12

I've been musing about this for some time: how exactly is Object.GetHashCode implemented in the CLR or Java? The contract for this method is that if it is called on the same object instance, it should always return the same value.

Note that I'm talking about the default implementation of GetHashCode(). Derived classes are not required to override this method. If they choose not to do so, they will in essence have reference semantics: equality equals "pointer equality" by default when used in hash tables &c. This means that somehow, the runtime has to provide a constant hashcode for the object throughout its lifetime.

If the machine I'm running on is 32-bit, and if the object instance never moved in memory, one could theoretically return the address of object, reinterpreted as Int32. That would be nice since all distinct objects have distinct addresses and therefore would have different hash codes.

However, this approach is flawed, amongst other things because:

  • if the garbage collector moves the object in memory, its address changes, and so would its hash code in violation of the contract that the hashcode should be the same for the lifetime of the object.

  • On a 64-bit system, the object's address is too wide to fit into Int32.

  • Because managed objects tend to be aligned to some even power of 2, the bottommost bits will always be zero. This may cause bad distribution patterns when the hash codes are used to index into a hash table.

In .NET, a System.Object consists of a sync block and a type handle and nothing more, so the hashcode cannot be cached in the instance itself. Somehow the runtime is able to provide a persistent hashcode. How? And how do Java, Mono, and other runtimes do this?

John Källén
  • 7,551
  • 31
  • 64

3 Answers3

9

No, not the address, that can't work with a garbage collector moving objects. It is intuitively simple, it can be a random number as long as it is stored after it is generated. It does get stored in the object, the syncblk. That field stores more than one object property, it is replaced by an index for an allocated syncblk if more than one such property needs to be stored.
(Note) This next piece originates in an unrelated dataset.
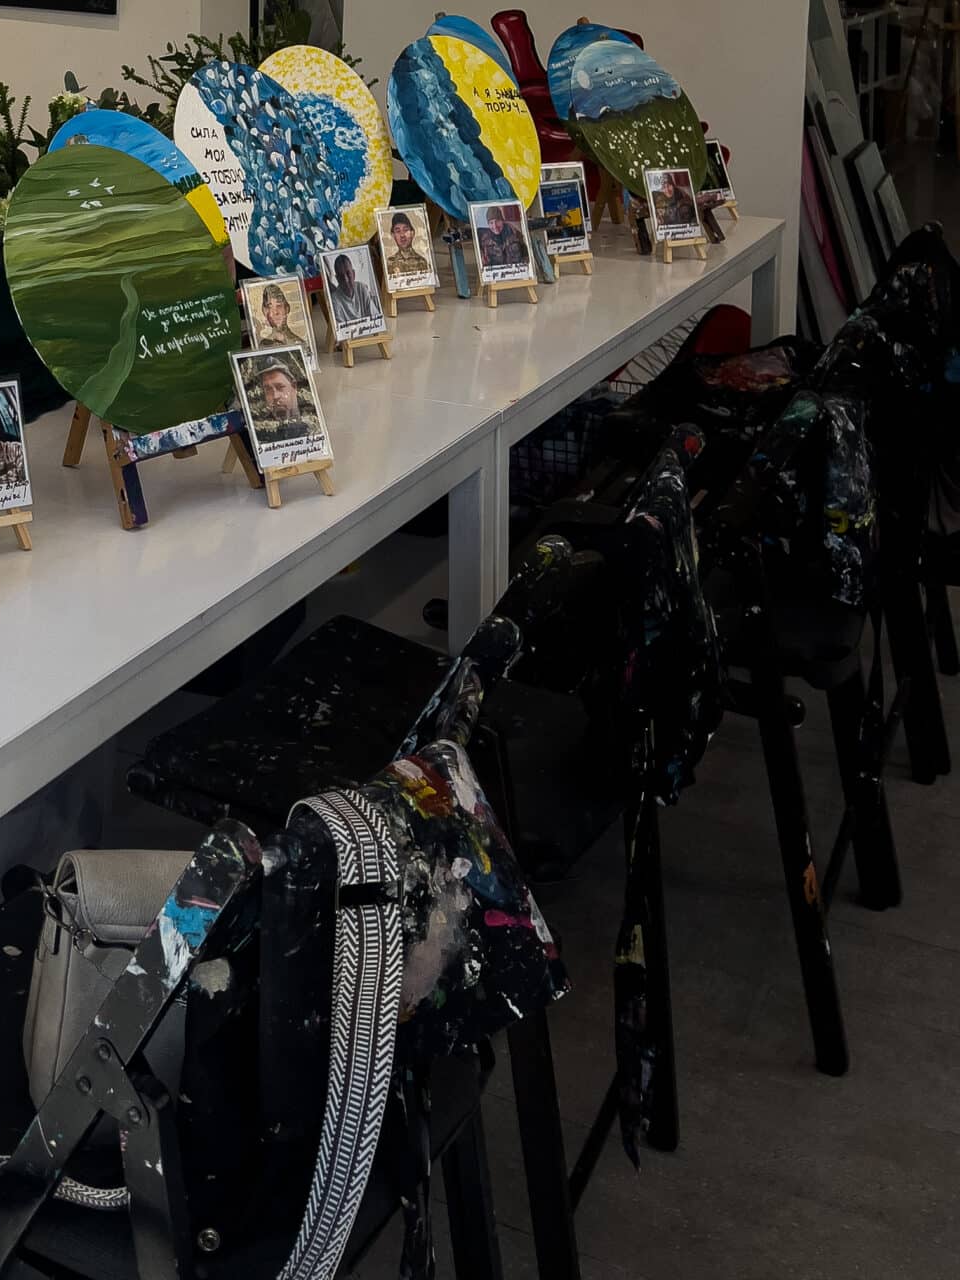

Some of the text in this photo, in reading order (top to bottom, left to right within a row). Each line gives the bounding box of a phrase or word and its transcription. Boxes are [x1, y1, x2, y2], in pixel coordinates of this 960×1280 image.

The .NET algorithm uses the managed thread ID so that threads are not likely to generate the same sequence:

inline DWORD GetNewHashCode()
{
    // Every thread has its own generator for hash codes so that we won't get into a situation
    // where two threads consistently give out the same hash codes.        
    // Choice of multiplier guarantees period of 2**32 - see Knuth Vol 2 p16 (3.2.1.2 Theorem A)
    DWORD multiplier = m_ThreadId*4 + 5;
    m_dwHashCodeSeed = m_dwHashCodeSeed*multiplier + 1;
    return m_dwHashCodeSeed;
}

The seed is stored per-thread so no lock is required. At least that's what is used in the SSCLI20 version. No idea about Java, I imagine it is similar.

Hans Passant
  • 922,412
  • 146
  • 1,693
  • 2,536
  • Thank you for your answer, that makes a lot of sense. My thinking was locked on the idea that the syncblock could only store a single thing, but the mechanism you sketch here explains how multiple extra properties could be added to an object on a by-need basis. – John Källén Apr 07 '11 at 14:07
4

As a JVM implementer, I can say that the base hashcode IS typically related to the address of the object. It's not typically exactly the address, but some mangling of it in reasonable ways. We do magic to ensure the hashCode is stable through the life of the object (even across GC, even if the object moves, etc..)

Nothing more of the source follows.